Mais l'honneur officiel devait en revenir surtout à l'empereur qui rentrait dans Rome après six mois d'absence et seize jours seulement de séjour en Bretagne. Le titre d'imperator lui fut donné cinq fois dans la même campagne, contre l'usage qui jusque-là était de ne le donner qu'une fois ; plus les trophées, les arcs de triomphe, les jeux annuels, que le sénat ne pouvait voter avec trop d'empressement ; plus le privilège, réservé au guerrier qui avait agrandi l'empire, d'agrandir aussi l'enceinte légale de Rome[37] ; plus le surnom de Britannicus (vainqueur des Bretons), pour lui et pour son fils, âgé de deux ou trois ans ; et enfin ce triomphe qu'il avait tant souhaité, et qui fut magnifique.
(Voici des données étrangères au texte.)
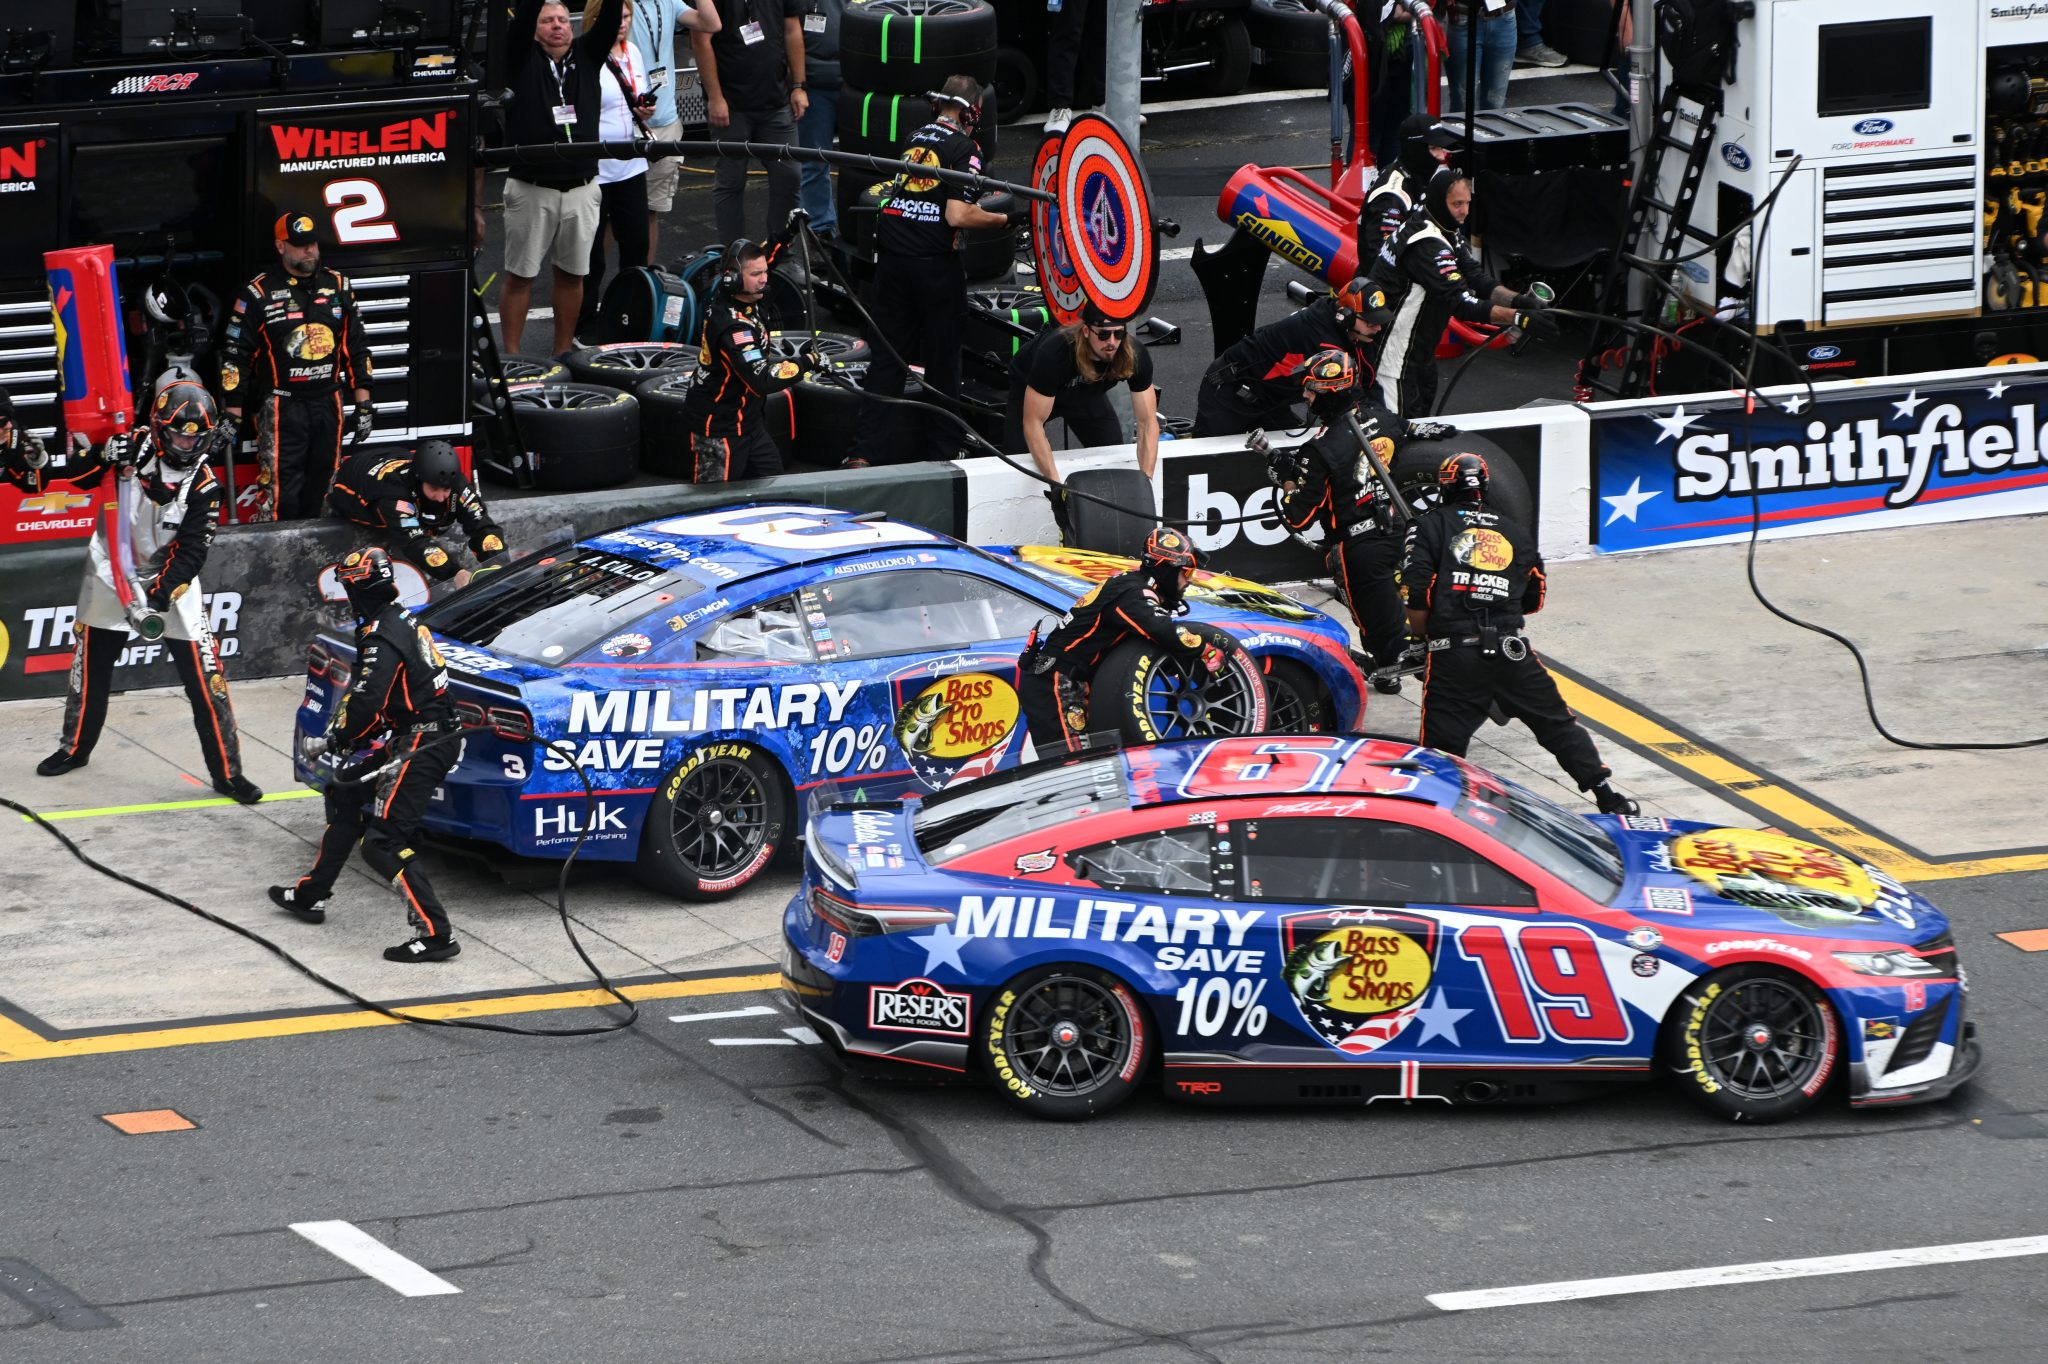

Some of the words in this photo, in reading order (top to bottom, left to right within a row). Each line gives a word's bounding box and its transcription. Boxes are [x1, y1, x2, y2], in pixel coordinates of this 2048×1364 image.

[143, 73, 199, 92] RCR
[413, 69, 456, 77] CHEVROLET
[271, 112, 447, 160] WHELEN
[1854, 138, 1915, 149] PERFORMANCE
[280, 157, 376, 173] MANUFACTURED
[378, 155, 391, 167] IN
[393, 152, 446, 166] AMERICA
[323, 178, 401, 245] 2
[886, 198, 940, 214] RACKER
[918, 214, 940, 222] ROAD
[1242, 215, 1320, 270] SUNOCO
[289, 364, 333, 377] TRACKER
[1464, 476, 1479, 487] 3
[16, 518, 95, 532] CHEVROLET
[1477, 530, 1502, 544] Bass
[600, 531, 740, 579] BassPro.com
[1479, 542, 1498, 553] Pro
[1479, 552, 1507, 568] Shops
[380, 567, 391, 578] 3
[1452, 571, 1510, 591] TRACKER
[683, 598, 730, 623] BETMGM
[1241, 657, 1261, 689] HONOR
[945, 678, 993, 702] Bass
[569, 680, 863, 733] MILITARY
[945, 701, 983, 724] Pro
[945, 719, 1006, 747] Shops
[543, 738, 664, 771] SAVE
[810, 724, 886, 775] 10%
[502, 754, 527, 779] 3
[666, 744, 752, 800] GOODYEAR
[536, 834, 593, 846] Performace
[595, 833, 628, 841] Fishing
[700, 879, 737, 891] REMEMBER
[954, 896, 1266, 946] MILITARY
[824, 932, 847, 963] 19
[1344, 929, 1400, 955] Bass
[1704, 939, 1813, 961] GOODYEAR
[1154, 947, 1266, 973] SAVE
[1346, 954, 1389, 977] Pro
[1344, 976, 1414, 1007] Shops
[1454, 922, 1635, 1045] 19
[877, 993, 964, 1027] RESER'S
[1176, 977, 1269, 1037] 10%
[916, 1019, 942, 1027] FOODS
[988, 990, 1032, 1099] GOODYEAR
[1684, 983, 1723, 1093] GOODYEAR
[1177, 1082, 1223, 1095] TRD
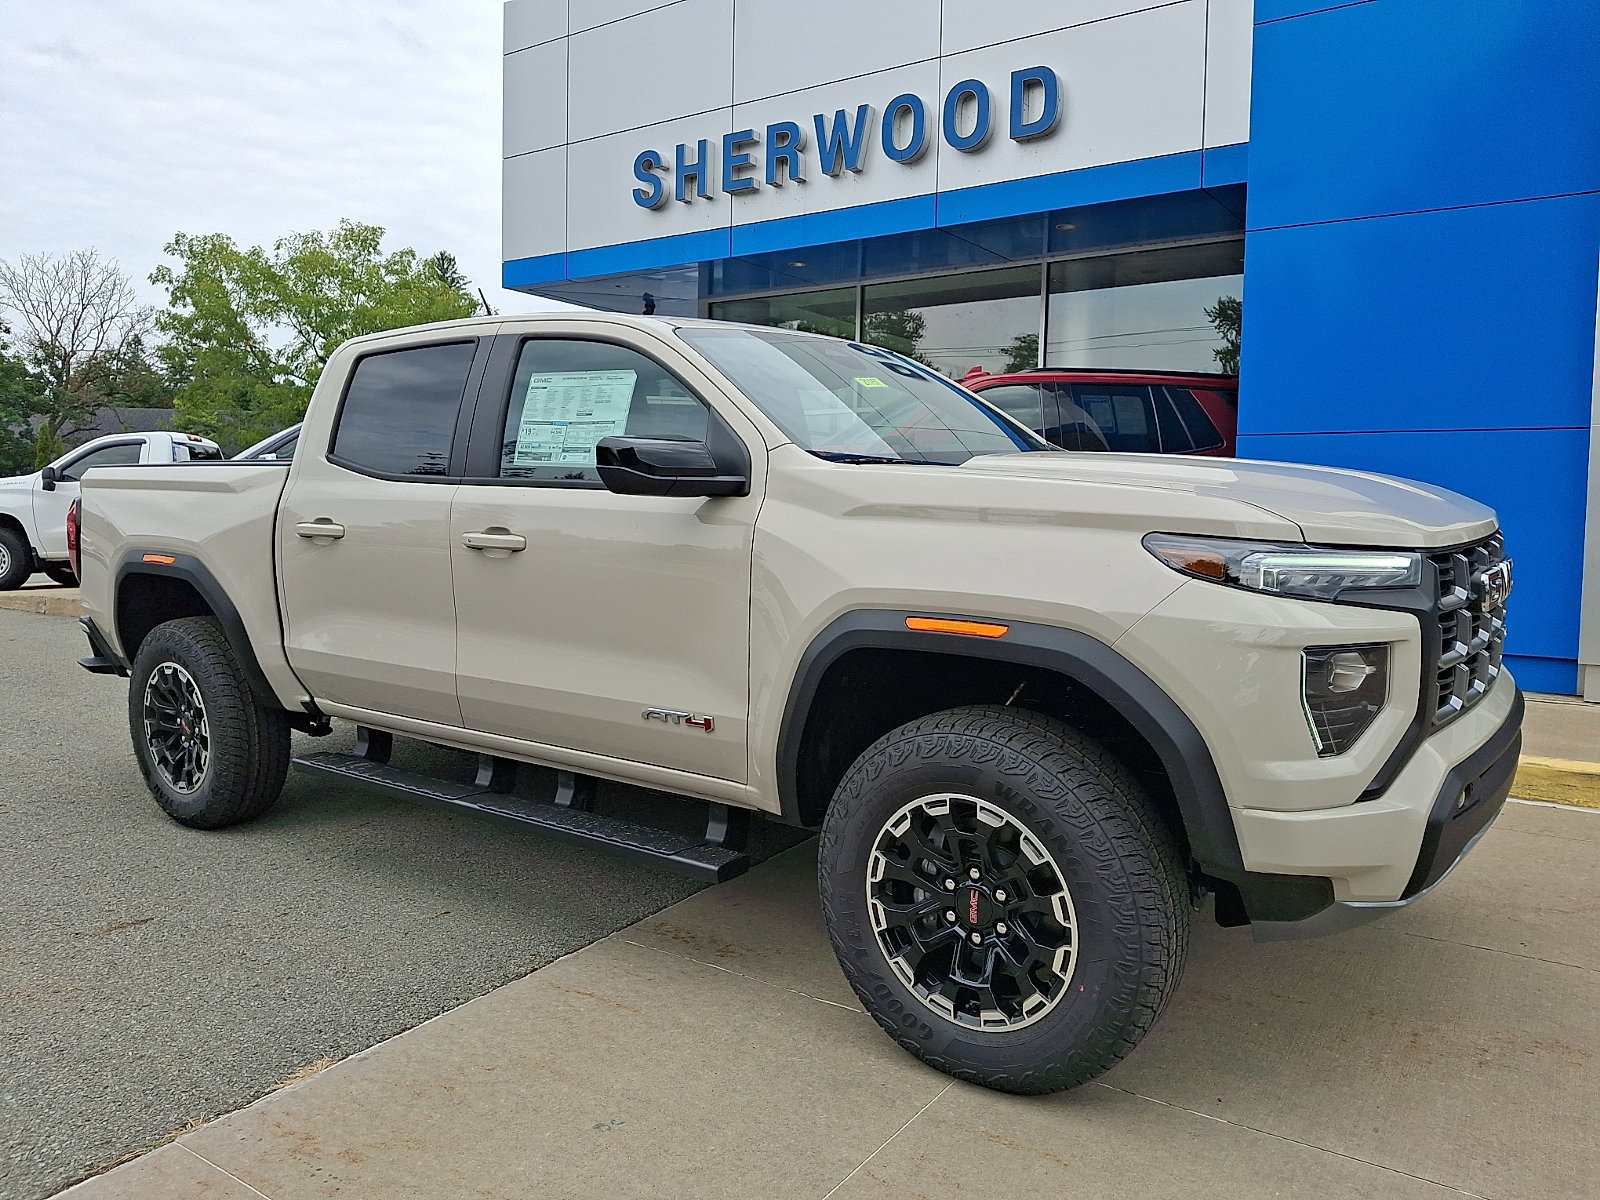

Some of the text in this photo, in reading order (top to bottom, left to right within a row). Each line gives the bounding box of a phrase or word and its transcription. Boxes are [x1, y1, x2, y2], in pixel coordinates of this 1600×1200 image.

Pour ce grand jour, les gouverneurs de province eurent congé et purent venir à Rome s'ajouter aux courtisans du triomphateur ; quelques exilés même furent autorisés à venir assister à cette fête ; une couronne navale apparut avec la couronne civique sur le faite de la maison Palatine, pour honorer le vainqueur de l'Océan. Messaline, en particulier, reçut les hommages du sénat ; le sénat lui décréta toutes les marques de respect qu'avait reçues Livie, femme d'Auguste ; il voulut qu'elle suivit, dans la voiture propre aux matrones, le char du triomphateur, son époux : on affectait de l'honorer d'autant plus qu'elle était moins honorable[38].
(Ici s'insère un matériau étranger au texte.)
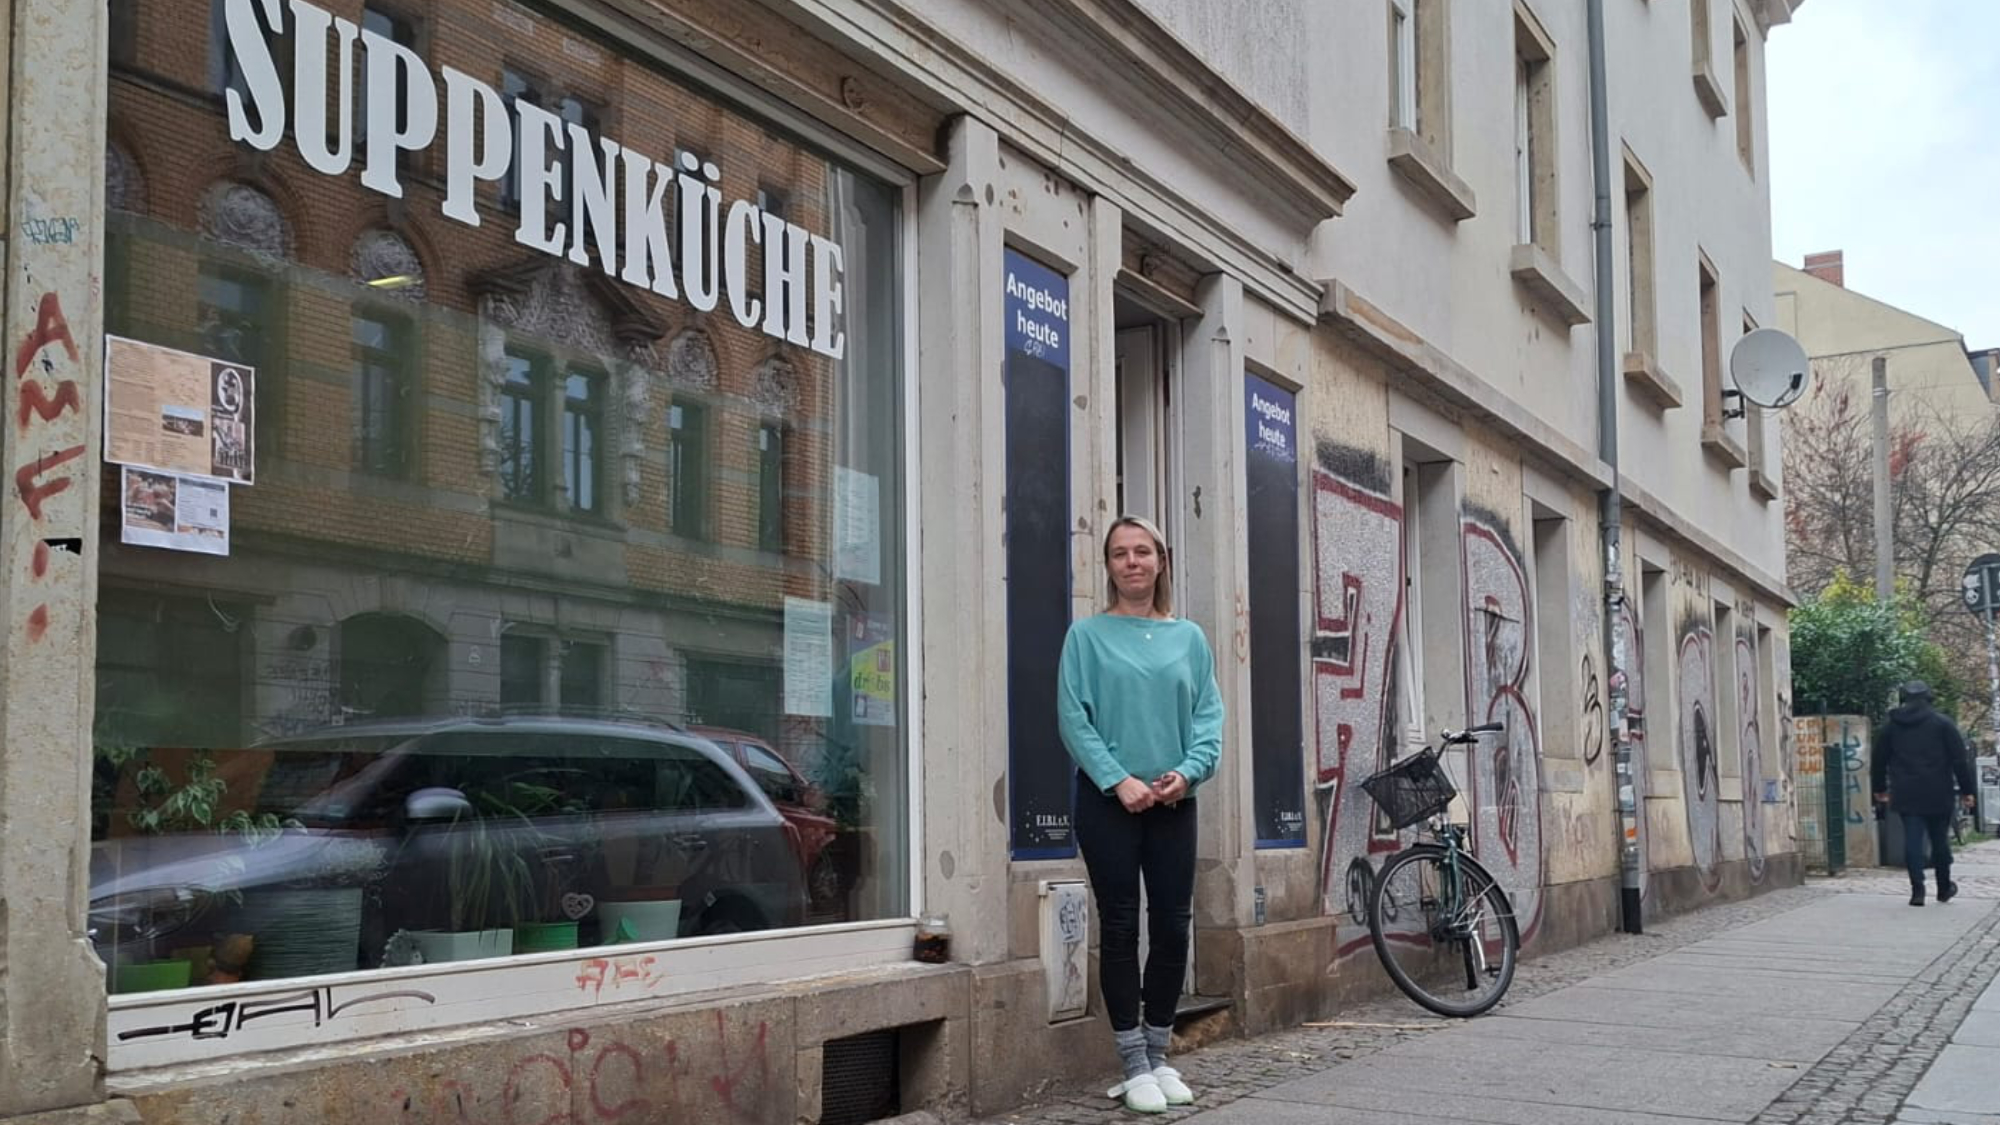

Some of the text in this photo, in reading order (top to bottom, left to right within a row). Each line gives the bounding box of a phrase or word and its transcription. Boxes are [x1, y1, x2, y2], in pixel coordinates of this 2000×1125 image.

[225, 0, 844, 360] SUPPENKÜCHE
[1006, 272, 1067, 321] Angebot
[1016, 309, 1059, 348] heute
[1251, 392, 1291, 426] Angebot
[1258, 420, 1286, 447] heute
Enfin, pour rentrer dans Rome avec Claude, disons que dans Rome aussi, il se fit sous lui, comme sous quelques autres empereurs, de grandes choses. Si détestables et si ridicules qu'ils fussent, les Césars, travaillant la pierre, ont laissé quelques nobles traces de leur passage. Aussi bien, des monuments ne sont-ils pas un signe de civilisation ; les plus gigantesques datent des siècles qui ont eu beaucoup de captifs et d'esclaves. Les beaux et vrais monuments ne sont pas les pyramides de Chéops ou le colosse de Néron ; c'est le temple hébreu ou la cathédrale chrétienne, ceux qui sont bâtis, non par le pouvoir, mais par la foi.

Tibère seul, chagrin et avare, laissa peu de monuments. Caligula ne s'occupa guère que de son palais, de son cirque et de ses jardins — sauf cependant sa tour de Boulogne[39] —. Mais César, Auguste, Néron changèrent la face de Rome ; il est vrai que ce dernier commença par la brûler ou la laisser brûler, ce qui est un mode d'expropriation comme un autre.

Au rebours de Caligula, Claude ne s'occupa point du palais, si ce n'est pour détruire les embellissements ou les agrandissements de Caligula : on ne pouvait mieux faire. Mais ailleurs il s'occupa de travaux vraiment grands et utiles, ce qui n'avait point été le fait de Caligula et ne fut pas non plus le fait de tous les empereurs. — Hors d'Italie, il acheva une route de 320 milles (106 ou 107 lieues) du Pô au Danube, à travers les Alpes, jadis tracée par Drusus son père[40]. — Dans la péninsule, il eut d'autres travaux à accomplir. Depuis que l'Italie, qui autrefois exportait du blé, ne suffisait plus à sa propre nourriture, et que, selon le mot de Tacite, la vie du peuple romain était confiée à la merci des vents et aux risques des navires, Jules César avait pensé à faire à l'embouchure du Tibre un port plus sûr que n'était celui d'Ostie. Claude reprit hardiment cette pensée, qui effrayait les architectes, creusa un port ; en avant de ce port, prolongea sur la mer deux puissantes jetées, éleva au milieu une Ile qui portait un phare ; et pour lui servir de base, fit couler le navire qui avait apporté à Caïus l'obélisque d'Égypte, ce navire, la plus merveilleuse chose, dit Pline, que la mer eût jamais vue. C'est ce lieu, en face d'Ostie, qui a gardé jusque dans les temps modernes le nom de Porto[41].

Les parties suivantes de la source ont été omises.